**Information given**:
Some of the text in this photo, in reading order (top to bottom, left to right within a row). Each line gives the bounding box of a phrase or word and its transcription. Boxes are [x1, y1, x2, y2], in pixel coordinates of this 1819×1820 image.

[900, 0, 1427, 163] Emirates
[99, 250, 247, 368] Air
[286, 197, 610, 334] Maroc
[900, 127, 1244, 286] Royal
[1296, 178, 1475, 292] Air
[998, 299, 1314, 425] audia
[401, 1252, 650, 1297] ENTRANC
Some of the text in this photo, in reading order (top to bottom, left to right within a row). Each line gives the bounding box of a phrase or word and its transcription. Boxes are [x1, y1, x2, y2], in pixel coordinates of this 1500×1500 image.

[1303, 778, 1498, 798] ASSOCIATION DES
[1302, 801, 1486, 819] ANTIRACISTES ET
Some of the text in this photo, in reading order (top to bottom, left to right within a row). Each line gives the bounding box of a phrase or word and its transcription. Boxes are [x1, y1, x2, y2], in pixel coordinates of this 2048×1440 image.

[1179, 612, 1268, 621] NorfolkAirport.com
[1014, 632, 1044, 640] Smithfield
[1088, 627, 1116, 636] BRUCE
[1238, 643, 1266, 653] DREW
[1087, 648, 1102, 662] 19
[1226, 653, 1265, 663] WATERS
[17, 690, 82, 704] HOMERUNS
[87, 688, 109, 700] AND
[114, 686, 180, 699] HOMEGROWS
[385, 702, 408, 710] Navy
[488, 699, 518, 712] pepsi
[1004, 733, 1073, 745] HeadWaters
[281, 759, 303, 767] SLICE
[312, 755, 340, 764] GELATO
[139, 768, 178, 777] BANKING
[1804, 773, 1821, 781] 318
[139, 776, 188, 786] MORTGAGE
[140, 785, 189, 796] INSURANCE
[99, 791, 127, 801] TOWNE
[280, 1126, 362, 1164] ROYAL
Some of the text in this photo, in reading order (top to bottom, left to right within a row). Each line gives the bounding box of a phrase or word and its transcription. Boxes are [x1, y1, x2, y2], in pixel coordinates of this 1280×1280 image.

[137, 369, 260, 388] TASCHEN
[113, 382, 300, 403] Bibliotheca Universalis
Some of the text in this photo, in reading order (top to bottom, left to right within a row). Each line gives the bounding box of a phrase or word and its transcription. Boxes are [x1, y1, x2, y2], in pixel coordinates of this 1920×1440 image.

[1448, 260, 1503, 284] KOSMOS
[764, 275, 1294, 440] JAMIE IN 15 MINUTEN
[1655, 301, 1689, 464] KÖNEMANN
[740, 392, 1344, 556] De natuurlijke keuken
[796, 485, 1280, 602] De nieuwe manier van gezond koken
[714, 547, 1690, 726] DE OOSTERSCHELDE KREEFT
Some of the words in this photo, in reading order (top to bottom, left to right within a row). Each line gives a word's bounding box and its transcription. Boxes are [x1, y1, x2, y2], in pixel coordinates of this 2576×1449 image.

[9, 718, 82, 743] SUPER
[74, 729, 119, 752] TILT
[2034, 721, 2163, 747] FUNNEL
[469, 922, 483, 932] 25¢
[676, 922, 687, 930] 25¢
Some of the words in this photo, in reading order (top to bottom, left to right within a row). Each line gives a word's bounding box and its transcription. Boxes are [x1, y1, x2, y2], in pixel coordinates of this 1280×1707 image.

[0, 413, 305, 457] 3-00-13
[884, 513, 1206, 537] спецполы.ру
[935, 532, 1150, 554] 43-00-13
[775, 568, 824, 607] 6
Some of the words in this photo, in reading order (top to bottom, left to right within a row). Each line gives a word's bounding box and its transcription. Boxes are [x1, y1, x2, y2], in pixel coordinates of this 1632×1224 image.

**Instructions for the task**:
Could you print all of the entries again exactly as they stand?

**Final answer**:
Some of the text in this photo, in reading order (top to bottom, left to right within a row). Each line gives the bounding box of a phrase or word and its transcription. Boxes are [x1, y1, x2, y2], in pixel coordinates of this 1819×1820 image.

[900, 0, 1427, 163] Emirates
[99, 250, 247, 368] Air
[286, 197, 610, 334] Maroc
[900, 127, 1244, 286] Royal
[1296, 178, 1475, 292] Air
[998, 299, 1314, 425] audia
[401, 1252, 650, 1297] ENTRANC
Some of the text in this photo, in reading order (top to bottom, left to right within a row). Each line gives the bounding box of a phrase or word and its transcription. Boxes are [x1, y1, x2, y2], in pixel coordinates of this 1500×1500 image.

[1303, 778, 1498, 798] ASSOCIATION DES
[1302, 801, 1486, 819] ANTIRACISTES ET
Some of the text in this photo, in reading order (top to bottom, left to right within a row). Each line gives the bounding box of a phrase or word and its transcription. Boxes are [x1, y1, x2, y2], in pixel coordinates of this 2048×1440 image.

[1179, 612, 1268, 621] NorfolkAirport.com
[1014, 632, 1044, 640] Smithfield
[1088, 627, 1116, 636] BRUCE
[1238, 643, 1266, 653] DREW
[1087, 648, 1102, 662] 19
[1226, 653, 1265, 663] WATERS
[17, 690, 82, 704] HOMERUNS
[87, 688, 109, 700] AND
[114, 686, 180, 699] HOMEGROWS
[385, 702, 408, 710] Navy
[488, 699, 518, 712] pepsi
[1004, 733, 1073, 745] HeadWaters
[281, 759, 303, 767] SLICE
[312, 755, 340, 764] GELATO
[139, 768, 178, 777] BANKING
[1804, 773, 1821, 781] 318
[139, 776, 188, 786] MORTGAGE
[140, 785, 189, 796] INSURANCE
[99, 791, 127, 801] TOWNE
[280, 1126, 362, 1164] ROYAL
Some of the text in this photo, in reading order (top to bottom, left to right within a row). Each line gives the bounding box of a phrase or word and its transcription. Boxes are [x1, y1, x2, y2], in pixel coordinates of this 1280×1280 image.

[137, 369, 260, 388] TASCHEN
[113, 382, 300, 403] Bibliotheca Universalis
Some of the text in this photo, in reading order (top to bottom, left to right within a row). Each line gives the bounding box of a phrase or word and its transcription. Boxes are [x1, y1, x2, y2], in pixel coordinates of this 1920×1440 image.

[1448, 260, 1503, 284] KOSMOS
[764, 275, 1294, 440] JAMIE IN 15 MINUTEN
[1655, 301, 1689, 464] KÖNEMANN
[740, 392, 1344, 556] De natuurlijke keuken
[796, 485, 1280, 602] De nieuwe manier van gezond koken
[714, 547, 1690, 726] DE OOSTERSCHELDE KREEFT
Some of the words in this photo, in reading order (top to bottom, left to right within a row). Each line gives a word's bounding box and its transcription. Boxes are [x1, y1, x2, y2], in pixel coordinates of this 2576×1449 image.

[9, 718, 82, 743] SUPER
[74, 729, 119, 752] TILT
[2034, 721, 2163, 747] FUNNEL
[469, 922, 483, 932] 25¢
[676, 922, 687, 930] 25¢
Some of the words in this photo, in reading order (top to bottom, left to right within a row). Each line gives a word's bounding box and its transcription. Boxes are [x1, y1, x2, y2], in pixel coordinates of this 1280×1707 image.

[0, 413, 305, 457] 3-00-13
[884, 513, 1206, 537] спецполы.ру
[935, 532, 1150, 554] 43-00-13
[775, 568, 824, 607] 6
Some of the words in this photo, in reading order (top to bottom, left to right within a row). Each line gives a word's bounding box and its transcription. Boxes are [x1, y1, x2, y2], in pixel coordinates of this 1632×1224 image.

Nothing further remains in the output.